Issue #08
4 marzo 2025
— Editoriale di Nicola Zampella, Direttore Generale Federbeton
— LE POLITICHE PER LA TRASFORMAZIONE INDUSTRIALE – IL CASO DEL CEMENTO by ECCO
La sostenibilità è un tema centrale per la filiera del cemento, costantemente impegnata per ridurre il proprio impatto attraverso processi di produzione e prodotti sempre più innovativi. Tra il 2021 e il 2023, le aziende del settore hanno investito oltre 254 milioni di euro in tecnologie ambientali e di sicurezza[1]. Con lo stesso impegno, il comparto sta affrontando la sfida ancora più complessa per raggiungere la neutralità carbonica, in linea con le politiche europee di decarbonizzazione.
Le imprese della filiera hanno sviluppato e condiviso una strategia con azioni, scadenze e obiettivi che porteranno alla neutralità carbonica nel 2050. Ogni azione individuata contribuirà a ridurre le emissioni di CO2 in misura e con tempi diversi. Alcune di esse sono già disponibili e in parte attuate dalle imprese, mentre altre richiedono ulteriori sviluppi tecnologici.

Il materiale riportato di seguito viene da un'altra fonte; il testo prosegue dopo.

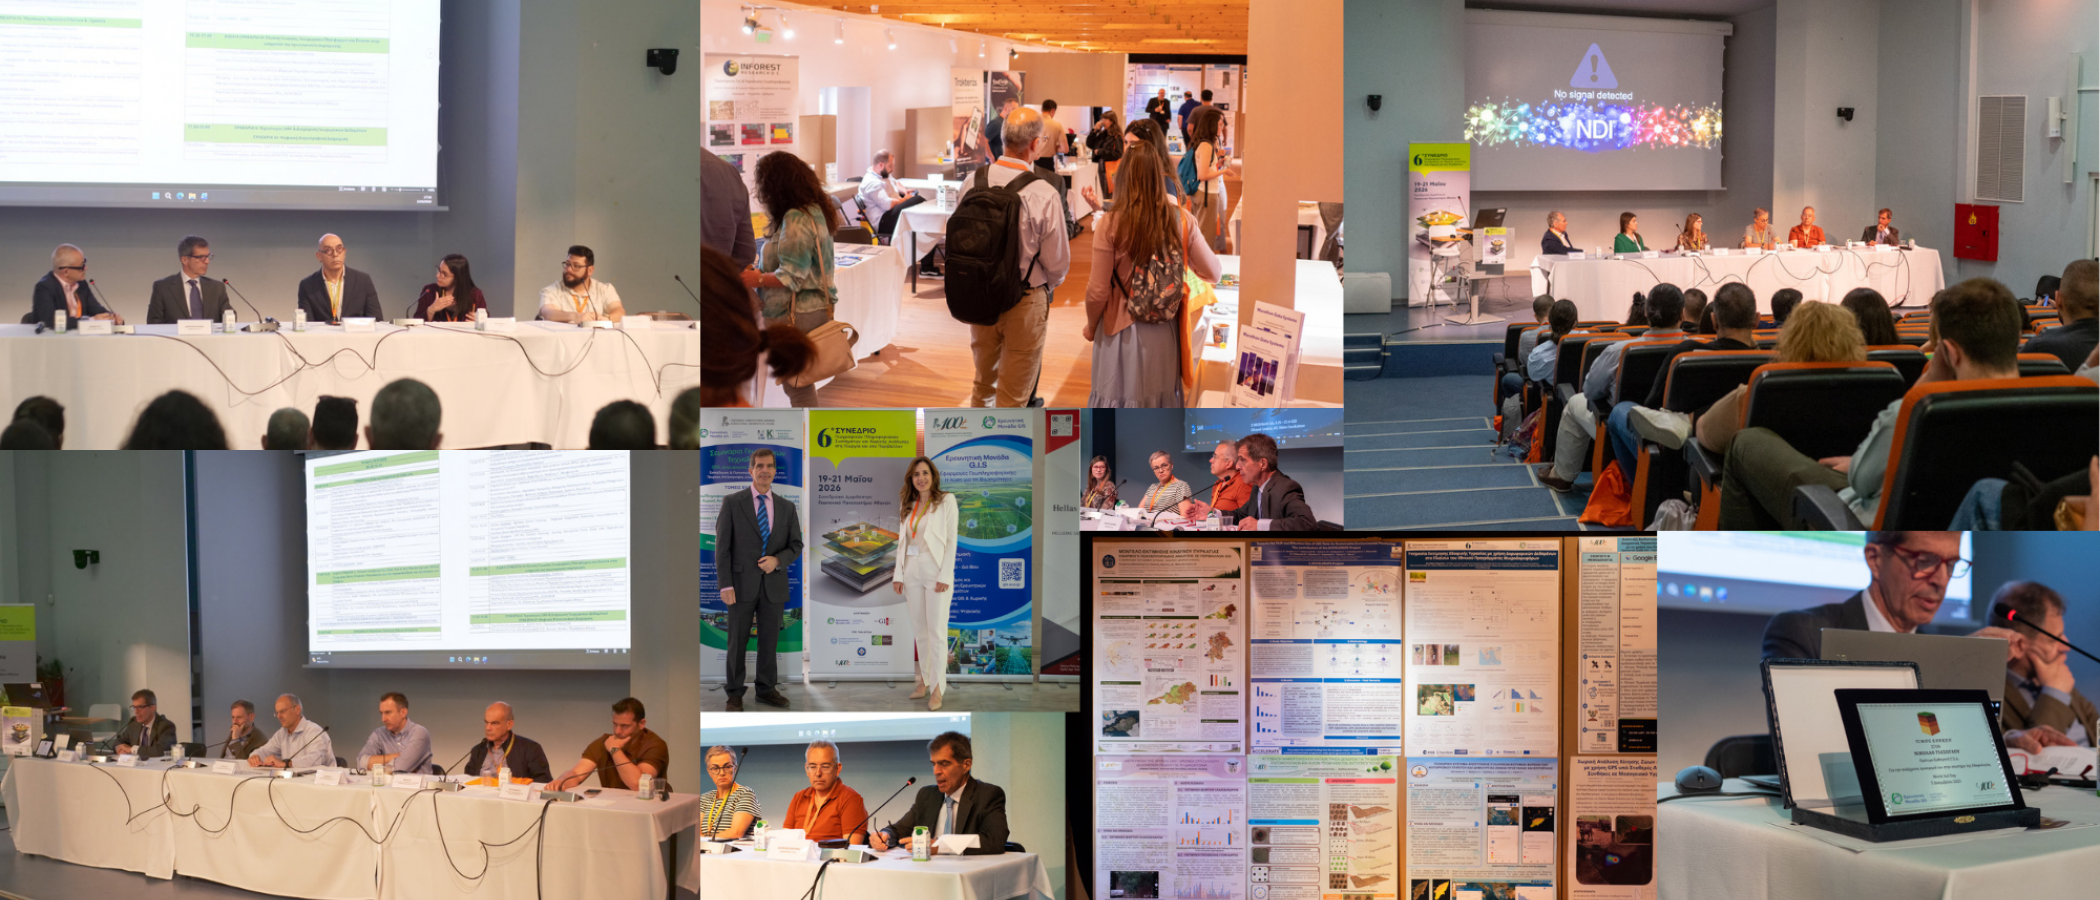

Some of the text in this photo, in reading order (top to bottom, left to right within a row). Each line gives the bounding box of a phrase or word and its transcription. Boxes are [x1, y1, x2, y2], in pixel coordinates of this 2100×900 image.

[1554, 89, 1634, 100] No signal detected
[1576, 119, 1614, 139] NDI
[710, 448, 743, 456] Σεμινάρια

Nel complesso, per implementare questa strategia, l’industria italiana del cemento dovrà investire 4,2 miliardi di euro, con extra-costi operativi di circa 1,4 miliardi annui[2].
L’uso di combustibili alternativi in parziale sostituzione di quelli fossili è una delle leve già operative che nel solo 2023 ha consentito di evitare emissioni di CO2 per 403.000 tonnellate. Tuttavia, nonostante il potenziale e gli oggettivi vantaggi anche per il ciclo dei rifiuti, in Italia siamo fermi al 25,5%[3] di sostituzione dei prodotti petroliferi con i combustibili alternativi (sostituzione calorica), contro una media europea del 57,6%. Il principale ostacolo è rappresentato dai lunghi e incerti processi autorizzativi locali, che limitano la possibilità di sfruttare al meglio questa risorsa.
Questa situazione merita sicuramente una riflessione. L’uso dei combustibili alternativi, infatti, è un’opportunità non solo per l’ambiente, ma anche per la collettività e per l’indipendenza energetica del Paese.
Si tratta di una risorsa energetica a km0 che rende le cementerie un tassello del ciclo virtuoso dell’economia circolare e, se sfruttata in maniera efficace, può determinare una riduzione delle emissioni di CO2 del 12%[4].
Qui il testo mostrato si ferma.